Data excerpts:
______________________________
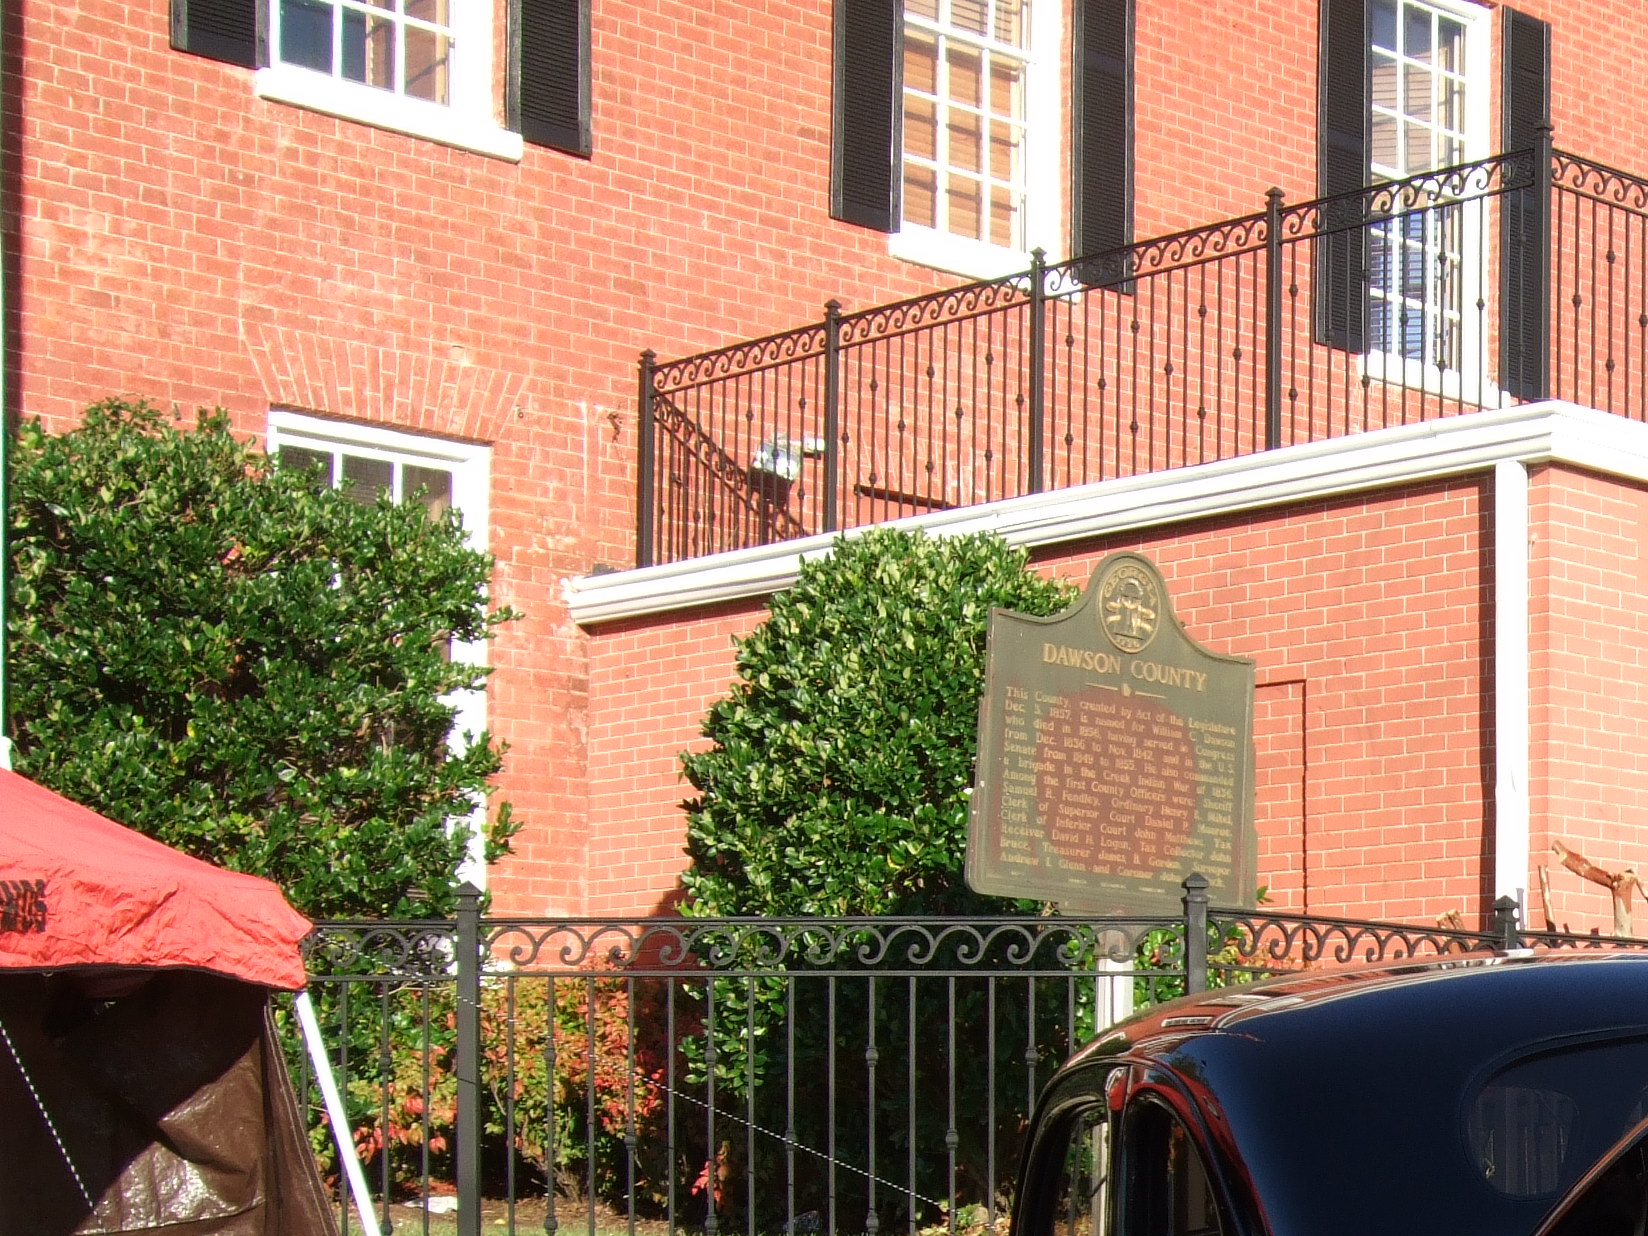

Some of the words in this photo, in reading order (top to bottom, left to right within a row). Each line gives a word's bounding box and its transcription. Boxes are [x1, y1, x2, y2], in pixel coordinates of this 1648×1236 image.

[1043, 643, 1121, 675] DAWSON
[1131, 660, 1207, 692] COUNTY
[1006, 686, 1028, 700] This
[1080, 701, 1115, 714] created
[1121, 707, 1132, 719] by
[1136, 709, 1151, 720] Act
[1156, 713, 1165, 722] of
[1170, 715, 1183, 726] the
[1189, 717, 1236, 735] Legislature
[1081, 713, 1088, 722] is
[1096, 717, 1125, 729] named
[1132, 722, 1145, 732] for
[1153, 725, 1182, 738] William
[1204, 734, 1235, 747] Dawson
[1005, 715, 1024, 726] who
[1033, 719, 1054, 731] died
[1063, 725, 1071, 733] in
[1108, 732, 1136, 747] having
[1144, 739, 1173, 751] served
[1180, 742, 1188, 752] in
[1196, 746, 1234, 761] Congress
[1005, 728, 1027, 740] from
[1092, 742, 1101, 752] to
[1163, 755, 1179, 764] and
[1185, 757, 1193, 767] in
[1199, 760, 1212, 770] the
[1004, 742, 1037, 755] Senate
[1044, 747, 1066, 760] from
[1100, 756, 1109, 766] to
[1144, 763, 1157, 774] He
[1162, 767, 1178, 777] also
[1184, 771, 1234, 786] commanded
[1018, 757, 1055, 772] brigade
[1064, 764, 1073, 775] in
[1081, 767, 1096, 778] the
[1103, 770, 1130, 783] Creek
[1138, 776, 1165, 789] Indian
[1174, 781, 1190, 792] War
[1196, 785, 1206, 795] of
[1003, 769, 1036, 785] Among
[1043, 775, 1059, 786] the
[1066, 777, 1086, 790] first
[1091, 781, 1124, 797] County
[1130, 787, 1166, 801] Officers
[1203, 799, 1233, 812] Sheriff
[1003, 782, 1037, 796] Samuel
[1111, 798, 1154, 815] Ordinary
[1162, 805, 1188, 819] Henry
[1001, 796, 1028, 808] Clerk
[1039, 802, 1049, 812] of
[1058, 804, 1099, 818] Superior
[1110, 811, 1135, 823] Court
[1145, 816, 1174, 829] Daniel
[1001, 810, 1027, 823] Clerk
[1036, 815, 1047, 825] of
[1056, 817, 1092, 831] Inferior
[1100, 823, 1127, 836] Court
[1135, 829, 1156, 839] John
[1214, 838, 1232, 849] Tax
[1001, 823, 1044, 838] Receiver
[1052, 830, 1079, 843] David
[1101, 838, 1131, 851] Logan,
[1140, 841, 1156, 853] Tax
[1164, 845, 1204, 859] Collector
[1210, 851, 1231, 863] John
[1042, 842, 1091, 858] Treasurer
[1192, 862, 1231, 876] Surveyor
[1000, 852, 1039, 865] Andrew
[1093, 864, 1110, 874] and
[1117, 866, 1154, 879] Coroner
______________________________
__Problem requirements__:
Copy every line of the data above in which the string "John" appears.

__Result for this exercise__:
[1135, 829, 1156, 839] John
[1210, 851, 1231, 863] John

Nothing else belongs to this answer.